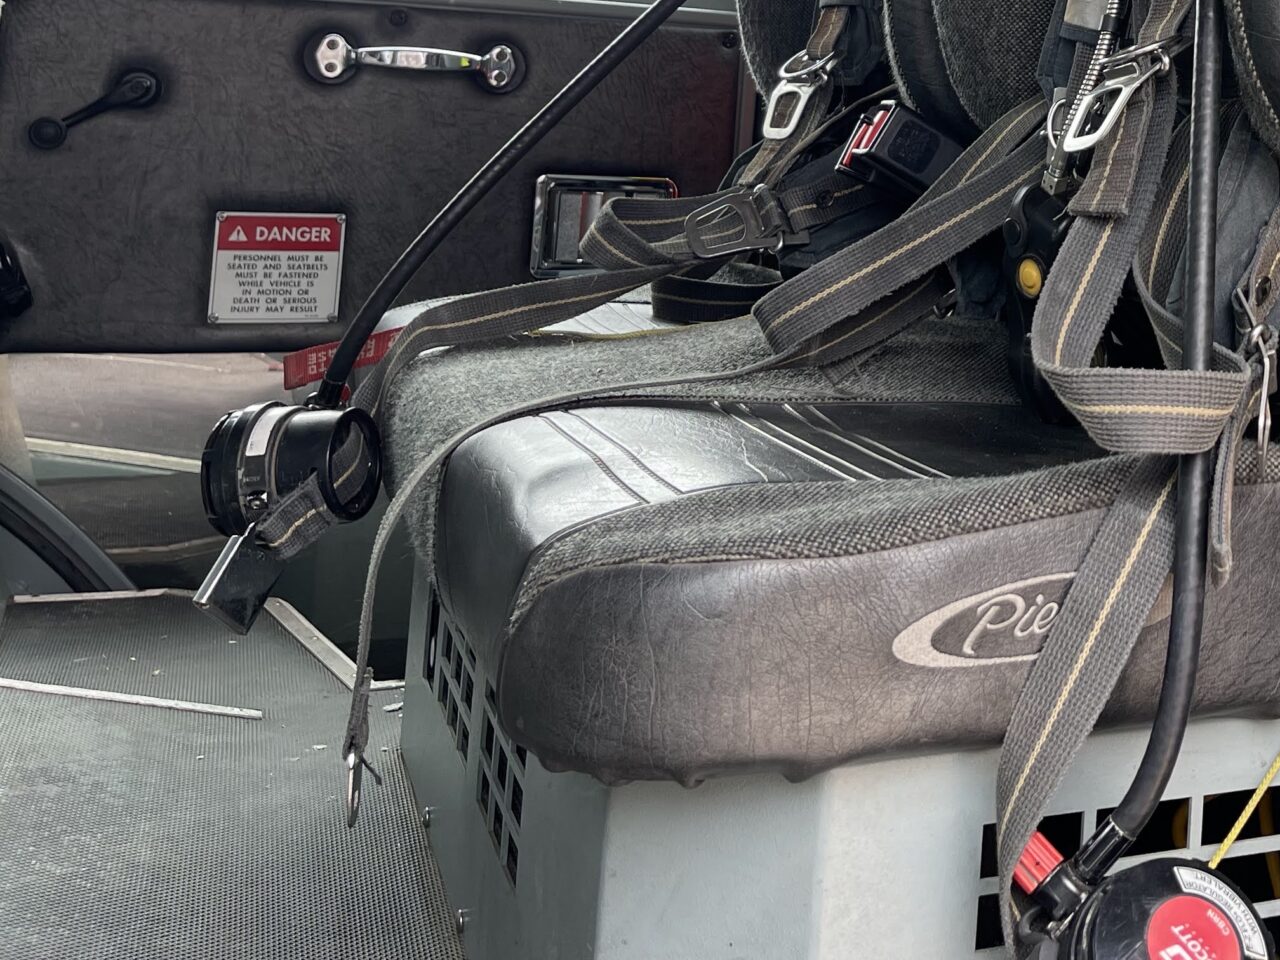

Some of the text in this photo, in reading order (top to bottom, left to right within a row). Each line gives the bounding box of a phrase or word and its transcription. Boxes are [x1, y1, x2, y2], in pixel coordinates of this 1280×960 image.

[256, 226, 331, 242] DANGER
[962, 593, 1061, 655] Pie
[1186, 881, 1233, 912] REGULATOR
[1194, 872, 1257, 935] WITH VIBRALERT
[1207, 909, 1230, 936] CBRN
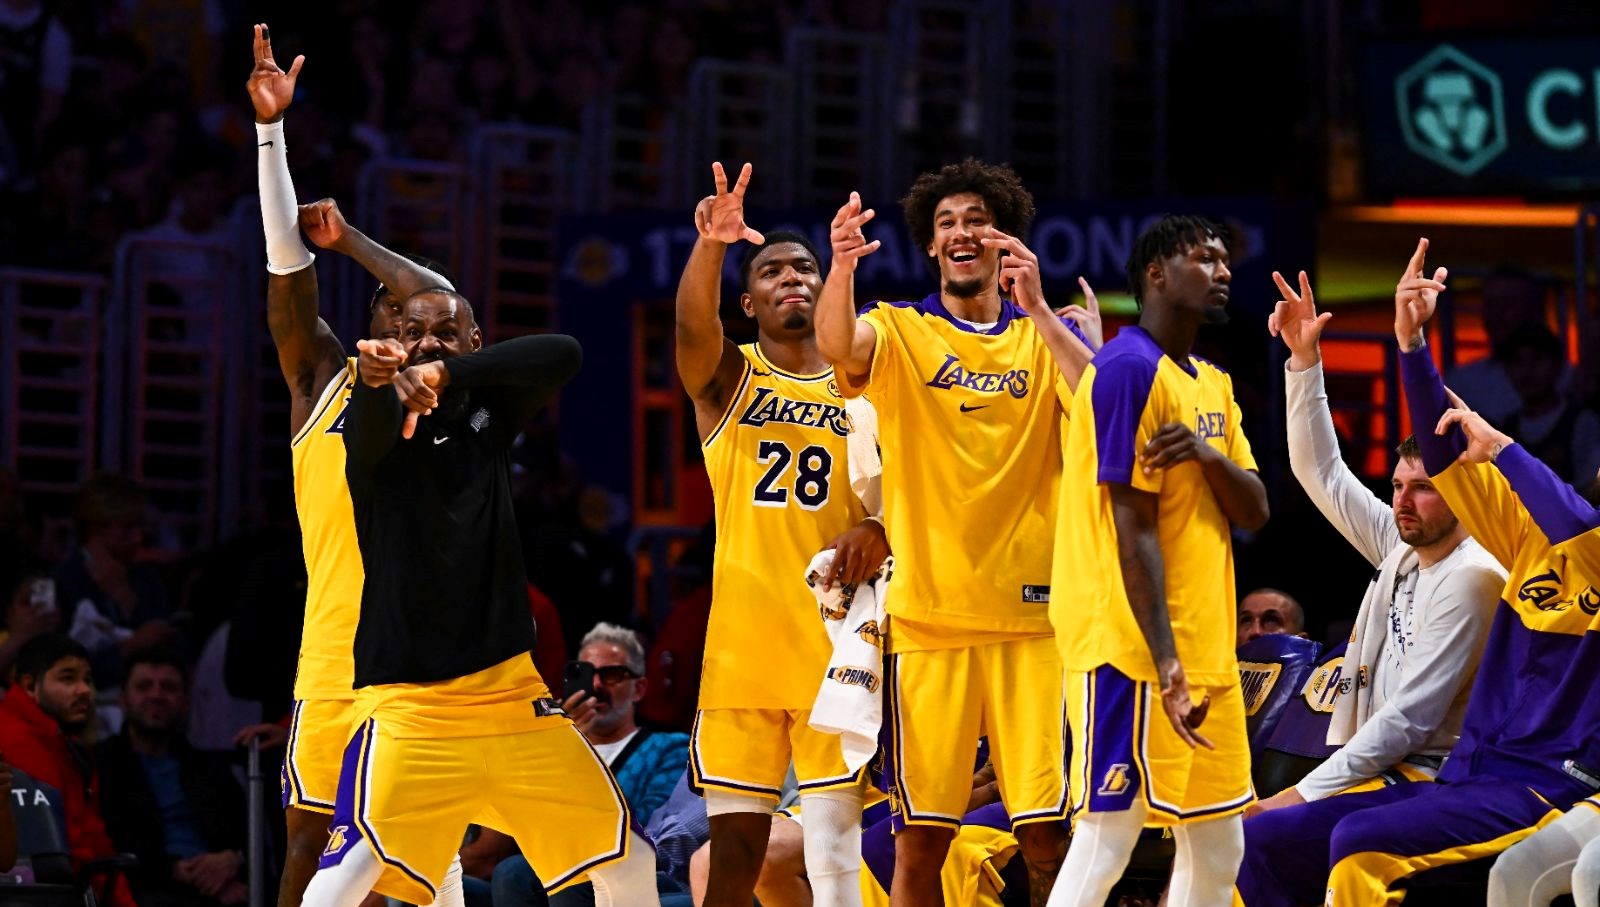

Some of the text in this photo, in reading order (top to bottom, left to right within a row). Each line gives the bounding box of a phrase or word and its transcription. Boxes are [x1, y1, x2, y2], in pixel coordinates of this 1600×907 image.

[1527, 68, 1600, 147] C
[926, 353, 1029, 399] LAKERS
[738, 386, 849, 437] LAKERS
[752, 440, 832, 511] 28
[842, 668, 875, 689] PRIME
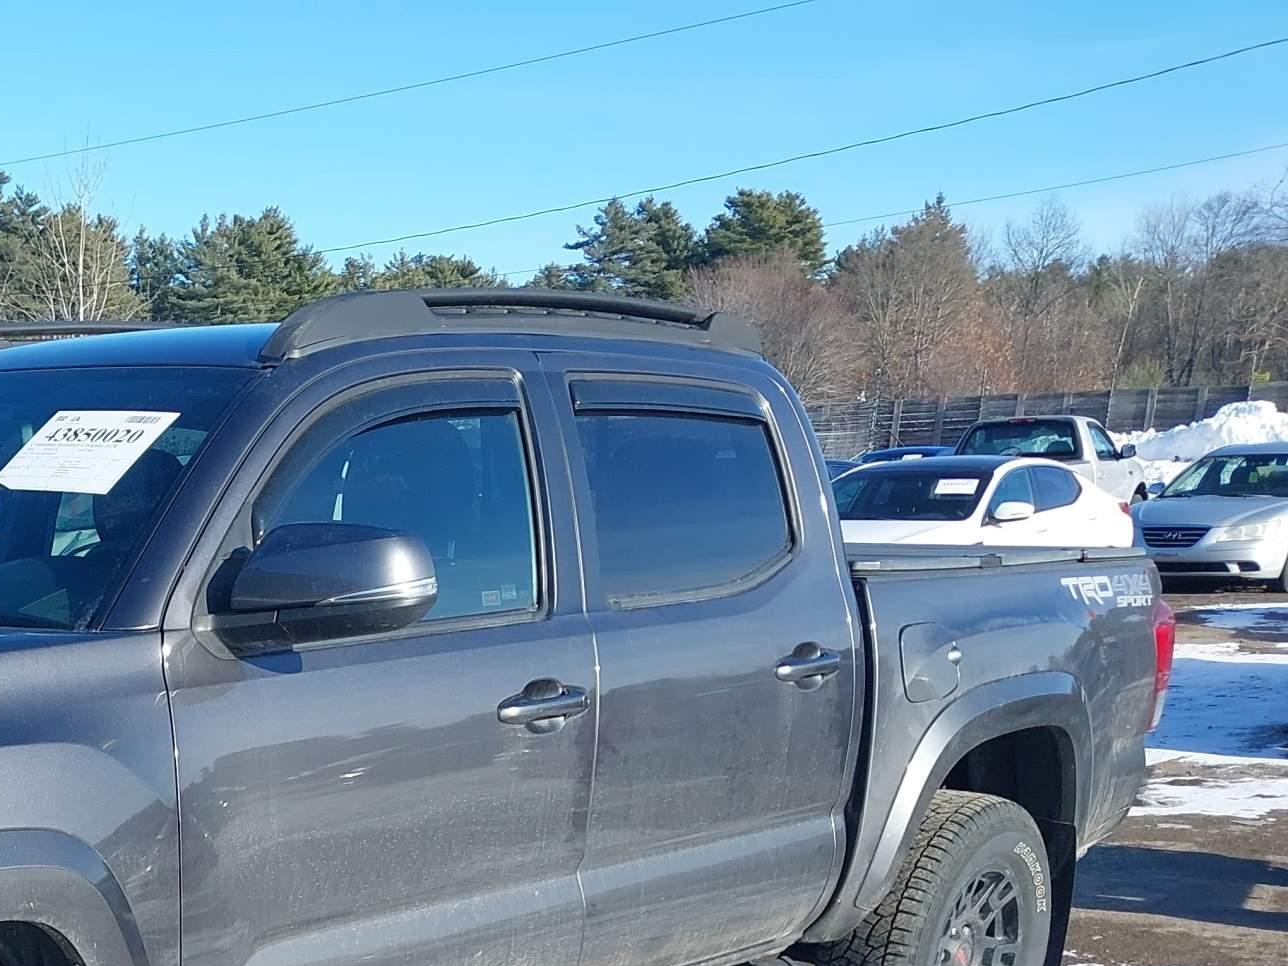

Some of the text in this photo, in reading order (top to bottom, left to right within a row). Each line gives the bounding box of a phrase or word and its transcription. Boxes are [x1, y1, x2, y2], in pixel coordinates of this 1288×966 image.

[44, 427, 145, 444] 43850020
[1060, 575, 1113, 605] TRD
[1116, 595, 1154, 608] SPORT
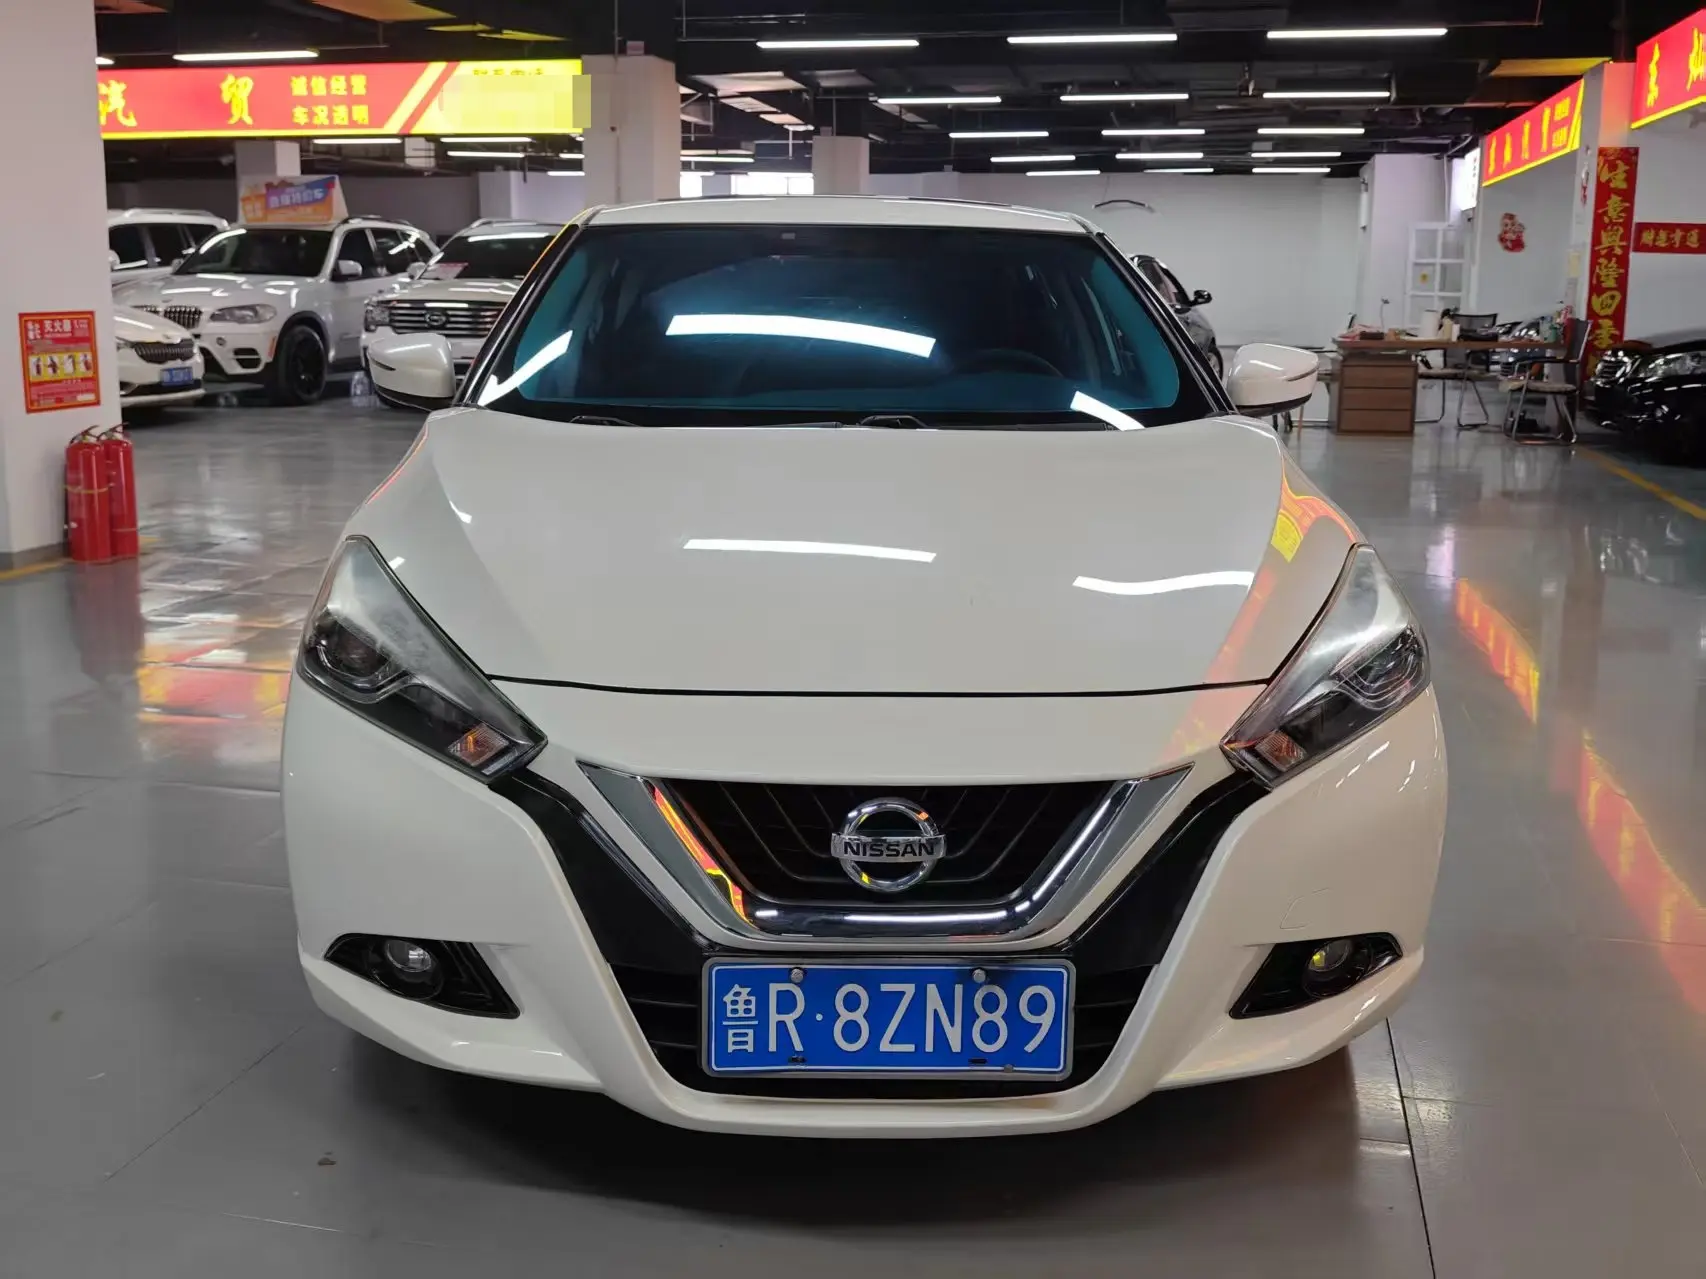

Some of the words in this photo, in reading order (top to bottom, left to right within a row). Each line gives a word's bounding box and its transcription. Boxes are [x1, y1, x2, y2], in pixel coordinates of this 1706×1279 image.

[291, 74, 367, 96] 诚信经营
[292, 104, 369, 126] 车况透明
[1587, 160, 1630, 376] 生意興隆四季
[843, 840, 935, 857] NISSAN
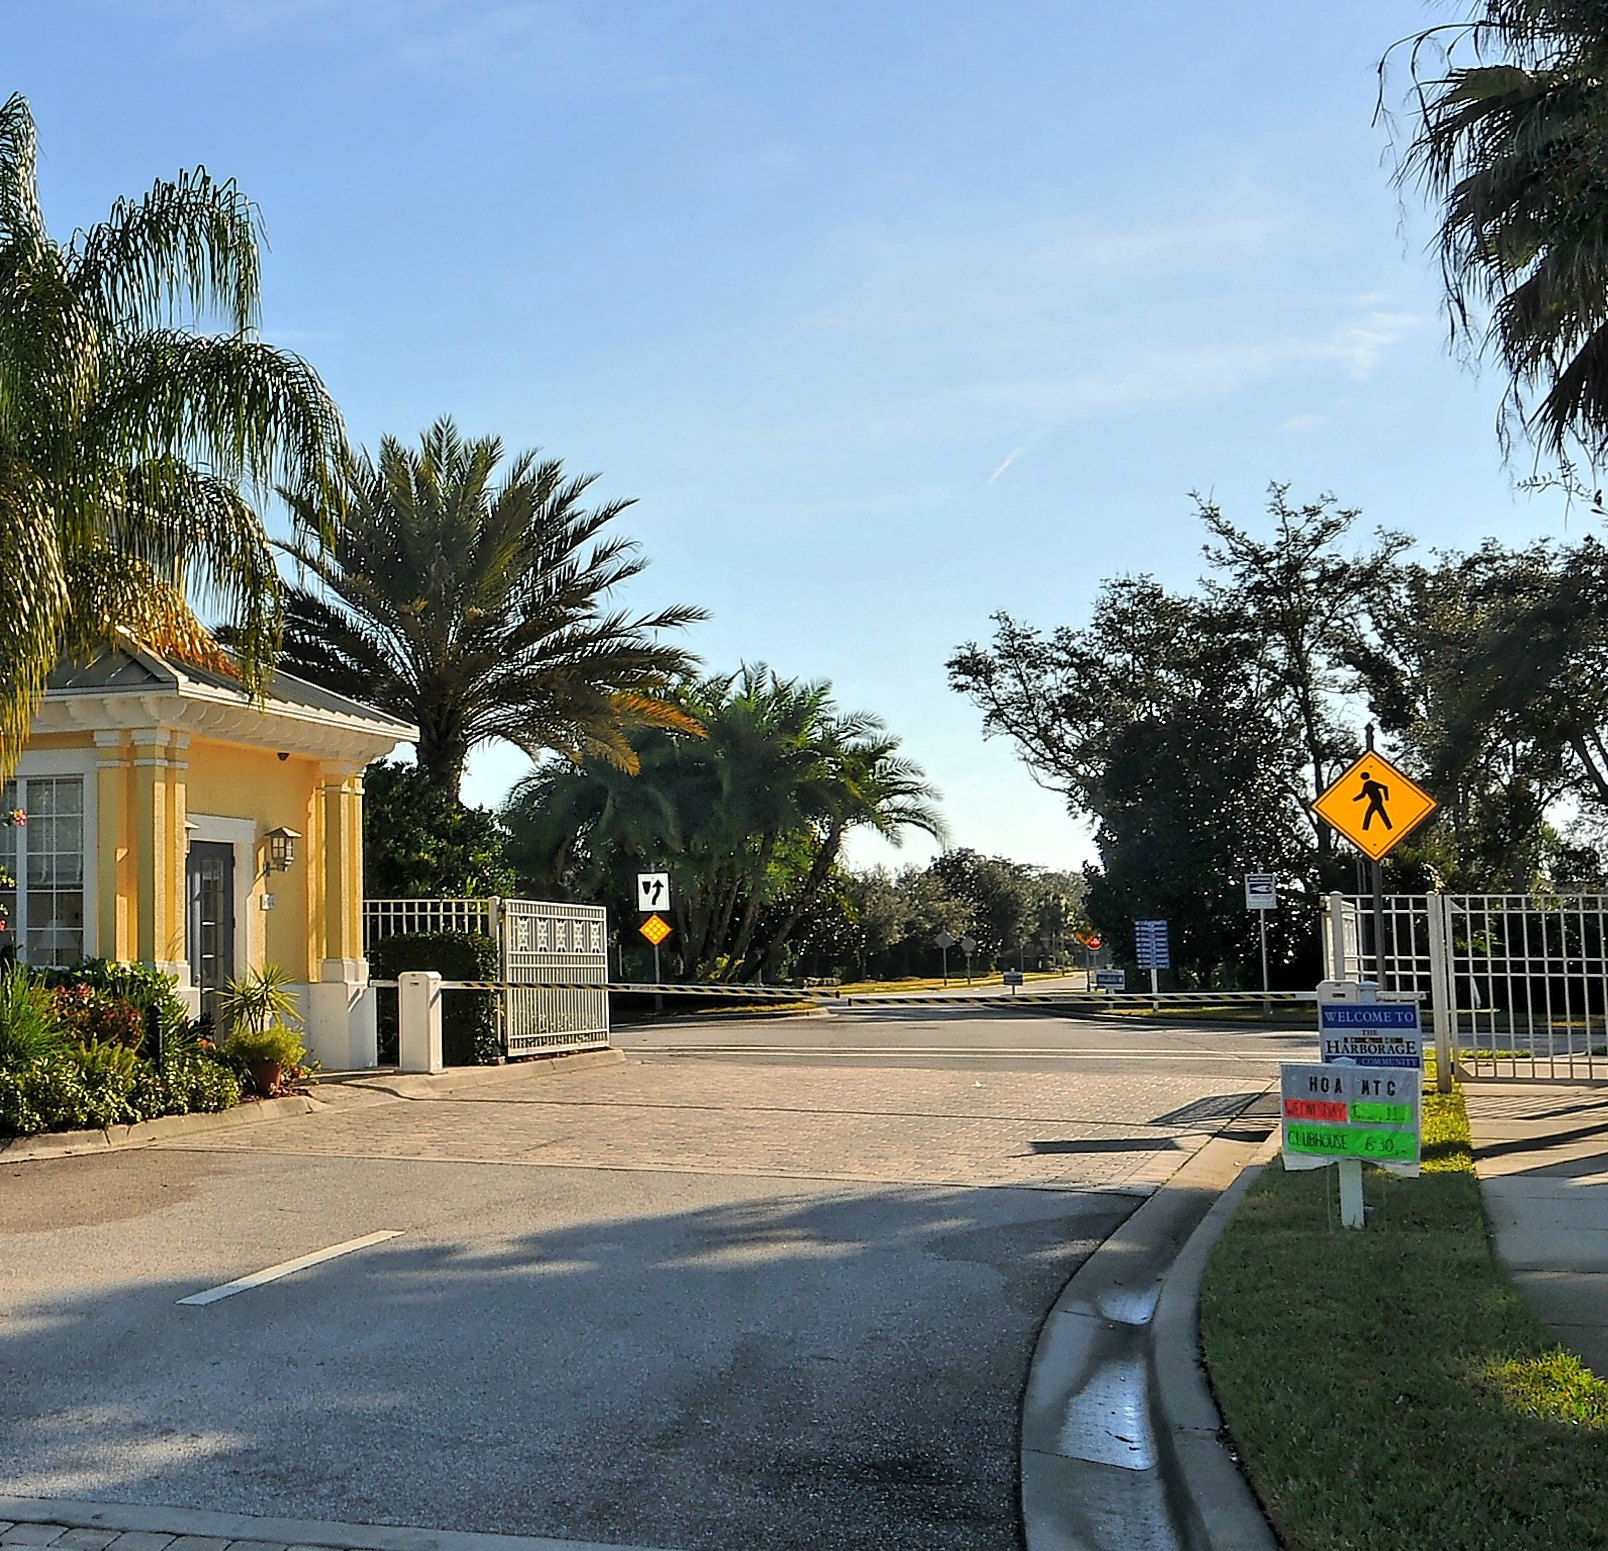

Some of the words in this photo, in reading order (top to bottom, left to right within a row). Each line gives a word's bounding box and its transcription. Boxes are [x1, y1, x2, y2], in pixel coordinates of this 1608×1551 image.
====
Problem: Print every record above exactly, but no pictures.

Your response:
Some of the text in this photo, in reading order (top to bottom, left to right within a row). Each line gives the bounding box of a phrase or word and its transcription. Boxes are [x1, y1, x2, y2], in pixel coordinates of this 1280×960 image.

[256, 226, 331, 242] DANGER
[962, 593, 1061, 655] Pie
[1186, 881, 1233, 912] REGULATOR
[1194, 872, 1257, 935] WITH VIBRALERT
[1207, 909, 1230, 936] CBRN

Some of the text in this photo, in reading order (top to bottom, left to right within a row). Each line gives the bounding box of a phrase or word and its transcription. Boxes are [x1, y1, x2, y2], in pixel coordinates of this 1600×907 image.

[1527, 68, 1600, 147] C
[926, 353, 1029, 399] LAKERS
[738, 386, 849, 437] LAKERS
[752, 440, 832, 511] 28
[842, 668, 875, 689] PRIME

Some of the text in this photo, in reading order (top to bottom, left to right within a row). Each line gives the bounding box of a phrase or word and its transcription. Boxes are [x1, y1, x2, y2], in pixel coordinates of this 1288×966 image.

[44, 427, 145, 444] 43850020
[1060, 575, 1113, 605] TRD
[1116, 595, 1154, 608] SPORT

Some of the words in this photo, in reading order (top to bottom, left to right within a row). Each line gives a word's bounding box and its transcription. Boxes are [x1, y1, x2, y2], in pixel coordinates of this 1706×1279 image.

[291, 74, 367, 96] 诚信经营
[292, 104, 369, 126] 车况透明
[1587, 160, 1630, 376] 生意興隆四季
[843, 840, 935, 857] NISSAN

Some of the words in this photo, in reading order (top to bottom, left to right within a row). Each line gives a word's bounding box and its transcription. Boxes are [x1, y1, x2, y2], in pixel coordinates of this 1608×1551 image.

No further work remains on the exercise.